Se fondant sur cette évaluation, la [5] n’a pas examiné la condition de Restriction substantielle et durable pour l’accès à l’emploi (RSDAE) mentionnée à l’article L. 821-2 du code de la sécurité sociale et a rejeté la demande d’AAH. Elle a attribué la Reconnaissance dela qualité de travailleur handicapé (RQTH), qui permet à la requérante de bénéficier d’un accompagnement spécialisé de [4] pour définir un projet professionnel adapté à sa situation médicale, ainsi que d’un aménagement de poste et d’horaires dans le cadre d’un futur emploi. La Présidente du Conseil départemental a attribué la Carte Mobilité Inclusion (CMI) mention Priorité.
***********
A l’appui de sa demande, Mme [J] [F] ne produit aucun élément de nature à caractériser une altération de l’autonomie pour la reconnaissance d’un seuil d’un taux d’incapacité supérieur à 50%, aucun acte essentiel de l’existence ou acte de la vie quotidienne n’étant décrit comme impossible à effectuer ou entravant l’autonomie de manière importante, ou d’une incapacité à pouvoir travailler ni d’une inaptitude professionnelle.
Si elle met en avance la gêne occasionné par l’épilepsie dont elle souffre, il ressort du certificat médical du centre hospitalier de [Localité 16] de février 2024 qu’elle fournit à l’audience qu’aucune crise d’épilepsie n’est survenue depuis sa dernière consultation à l’automne 2023, ce qui confirme que les crises sont bien contrôlées par le traitement et que celles-ci ne sont pas de nature à entraver de façon importante son quotidien.
Ainsi, la requérante n’apporte pas de pièce nouvelle de nature à remettre en cause l’évaluation approfondie réalisée par la [Adresse 12] ni à démontrer l’existence de troubles importants entraînant une gêne grave dans sa vie quotidienne soit de l’existence d’un taux d’incapacité supérieur à 50%.
A la date de la décision de refus de la [5], la requérante ne remplissait donc pas les critères d’attribution de l’AAH, de sorte que la décision de refus est donc justifiée.
Le taux retenu étant inférieur à 50%, il n’y a pas lieu d’évaluer l’existence d’une restriction substantielle et durable pour l’accès à l’emploi.

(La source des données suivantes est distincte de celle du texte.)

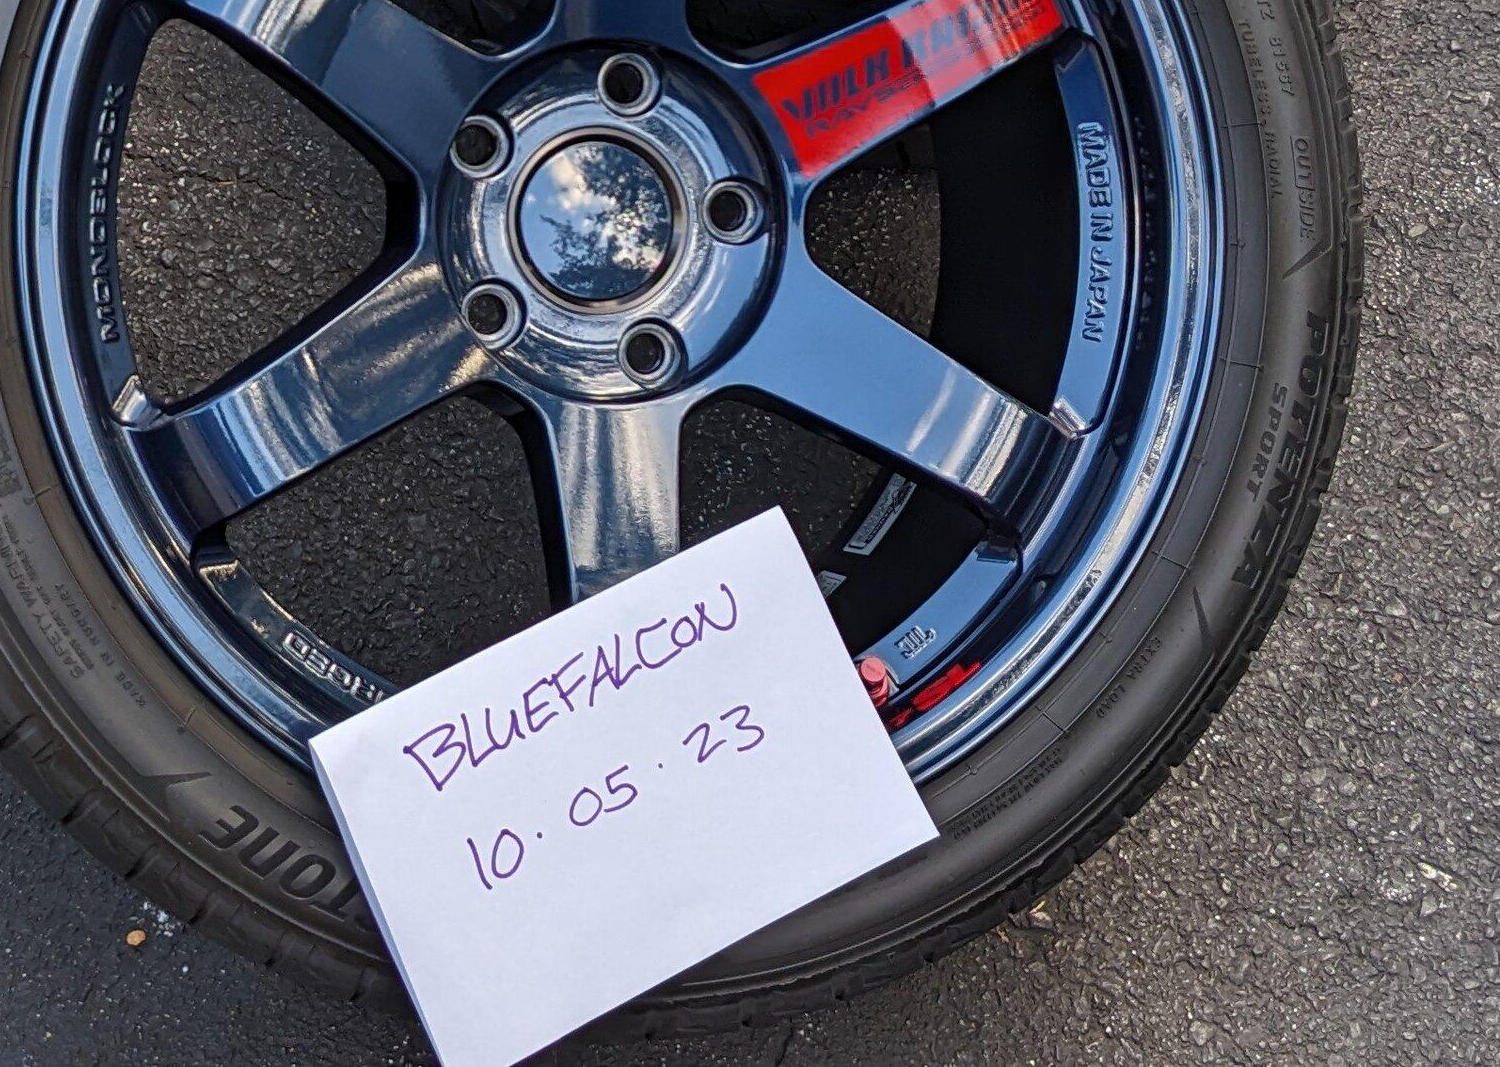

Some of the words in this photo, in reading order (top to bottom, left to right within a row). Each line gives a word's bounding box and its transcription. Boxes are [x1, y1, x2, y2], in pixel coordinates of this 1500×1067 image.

En conséquence, la demande de Mme [J] [F] tendant à l’attribution de l’allocation aux adultes handicapés sera rejetée comme infondée.
Partie perdante, elle sera condamnée aux entiers dépens conformément aux dispositions de l’article 696 du code de procédure civile.
PAR CES MOTIFS,
Le tribunal statuant après en avoir délibéré conformément à la loi, publiquement, par mise à disposition au greffe, par jugement contradictoire et en premier ressort :
DÉBOUTE Mme [J] [F] de sa demande d’attribution de l’allocation aux adultes handicapés ;
CONDAMNE Mme [J] [F] aux entiers dépens de l’instance.
Ainsi jugé et prononcé les jour, mois et an susdits.